Task instructions -
All of the entries are to be repeated exactly, with no pictures included.
-- Input material follows --
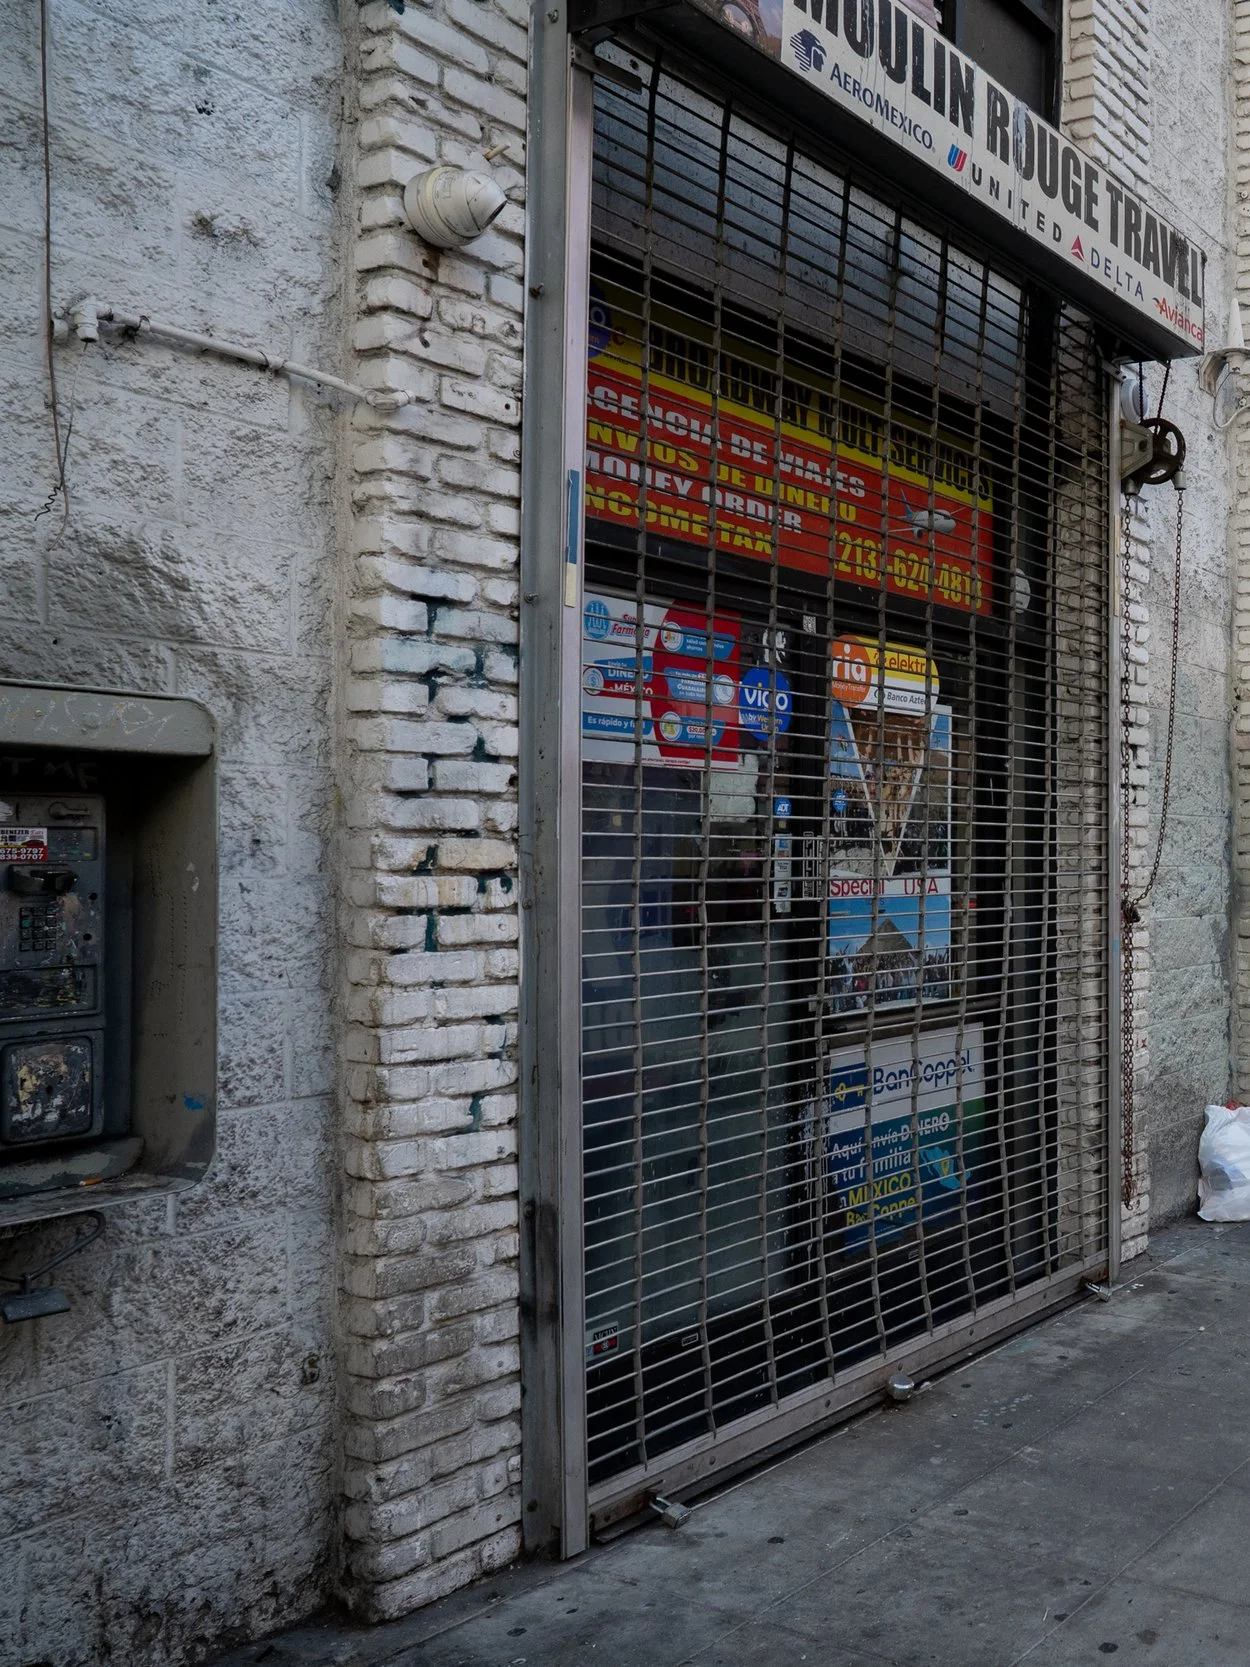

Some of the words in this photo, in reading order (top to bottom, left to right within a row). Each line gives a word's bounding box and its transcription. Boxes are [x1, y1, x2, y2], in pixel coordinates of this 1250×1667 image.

[830, 63, 934, 150] AEROMEXICO
[971, 163, 1063, 244] UNITED
[987, 81, 1099, 233] ROUGE
[1106, 178, 1202, 309] TRAVEL
[1091, 247, 1144, 302] DELTA
[1159, 297, 1204, 342] Avianca
[587, 420, 700, 473] NVIOS
[731, 431, 768, 465] DE
[585, 484, 708, 539] NCOME
[717, 520, 774, 556] TAX
[608, 668, 650, 680] DINEO
[832, 644, 867, 684] ria
[889, 651, 927, 673] elektr
[614, 682, 654, 696] MÉXO
[887, 691, 908, 703] Banco
[909, 694, 928, 706] Azte
[598, 717, 623, 728] rápido
[776, 803, 790, 813] ADT
[873, 1050, 972, 1096] BanCoppel
[831, 1136, 863, 1161] Aquí
[870, 1128, 899, 1150] nvía
[901, 1112, 950, 1140] DNERO
[842, 1169, 856, 1185] tu
[860, 1145, 911, 1180] fmilia
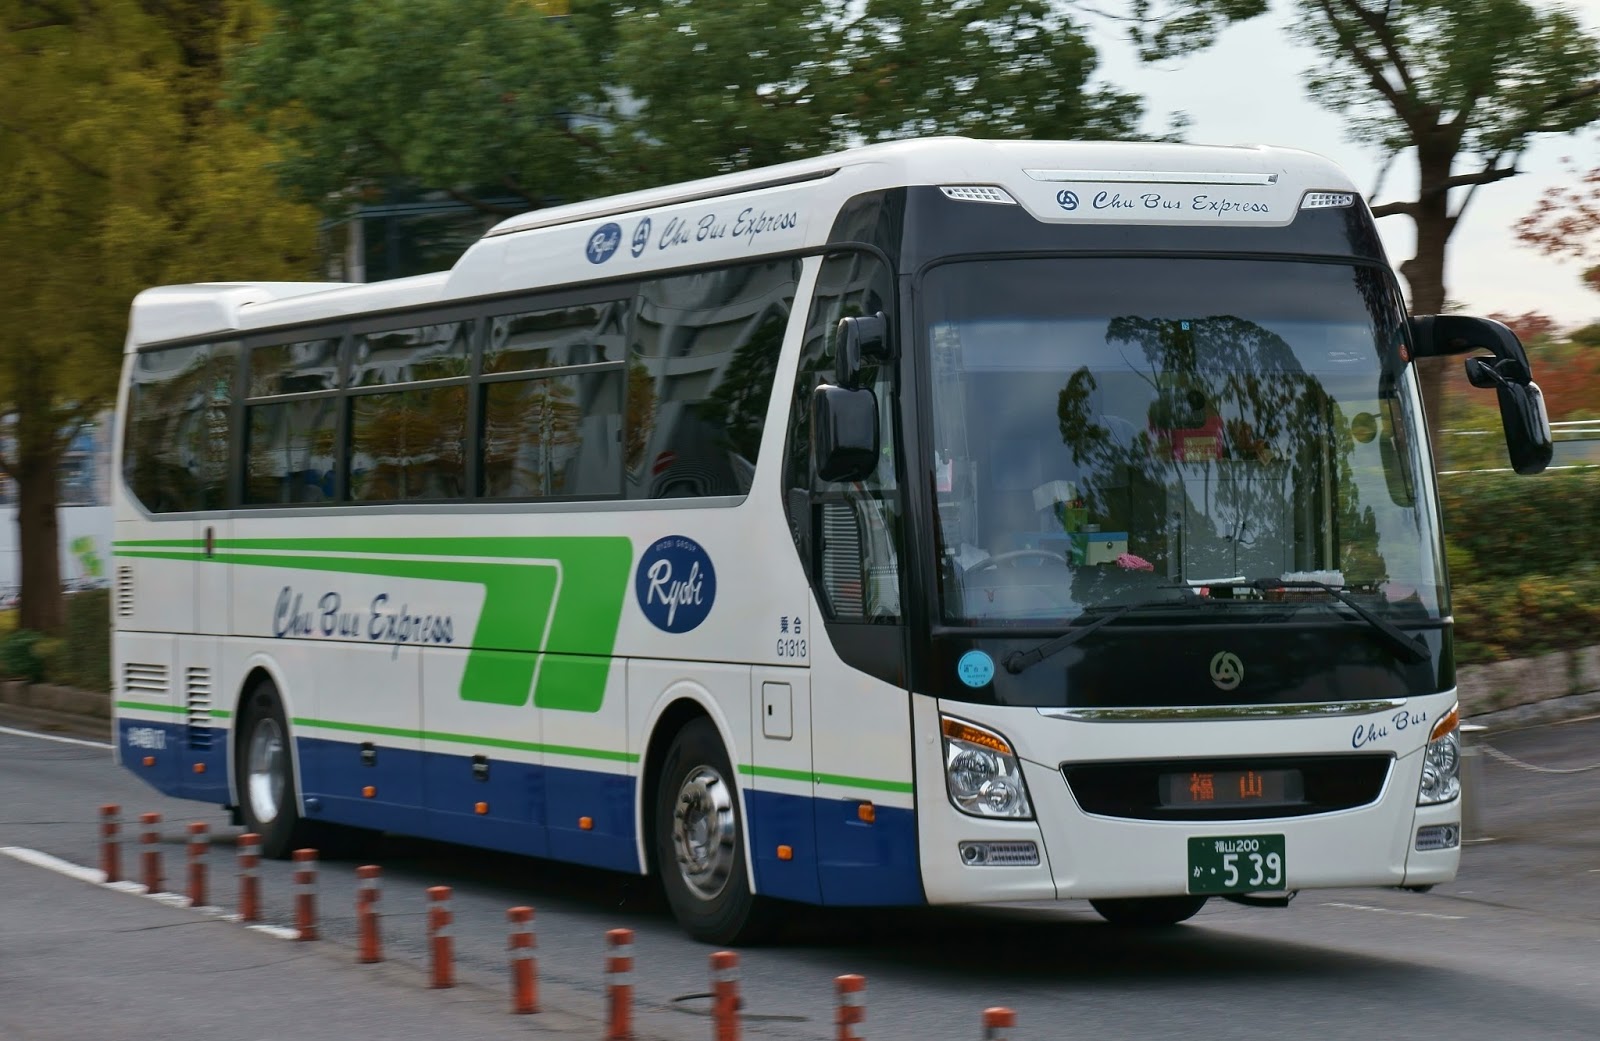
-- Input material concluded --
Finished exercise -
Some of the words in this photo, in reading order (top to bottom, left to right within a row). Each line gives a word's bounding box and its transcription. Boxes are [x1, y1, x2, y2], in pixel coordinates of this 1250×1667 image.

[830, 63, 934, 150] AEROMEXICO
[971, 163, 1063, 244] UNITED
[987, 81, 1099, 233] ROUGE
[1106, 178, 1202, 309] TRAVEL
[1091, 247, 1144, 302] DELTA
[1159, 297, 1204, 342] Avianca
[587, 420, 700, 473] NVIOS
[731, 431, 768, 465] DE
[585, 484, 708, 539] NCOME
[717, 520, 774, 556] TAX
[608, 668, 650, 680] DINEO
[832, 644, 867, 684] ria
[889, 651, 927, 673] elektr
[614, 682, 654, 696] MÉXO
[887, 691, 908, 703] Banco
[909, 694, 928, 706] Azte
[598, 717, 623, 728] rápido
[776, 803, 790, 813] ADT
[873, 1050, 972, 1096] BanCoppel
[831, 1136, 863, 1161] Aquí
[870, 1128, 899, 1150] nvía
[901, 1112, 950, 1140] DNERO
[842, 1169, 856, 1185] tu
[860, 1145, 911, 1180] fmilia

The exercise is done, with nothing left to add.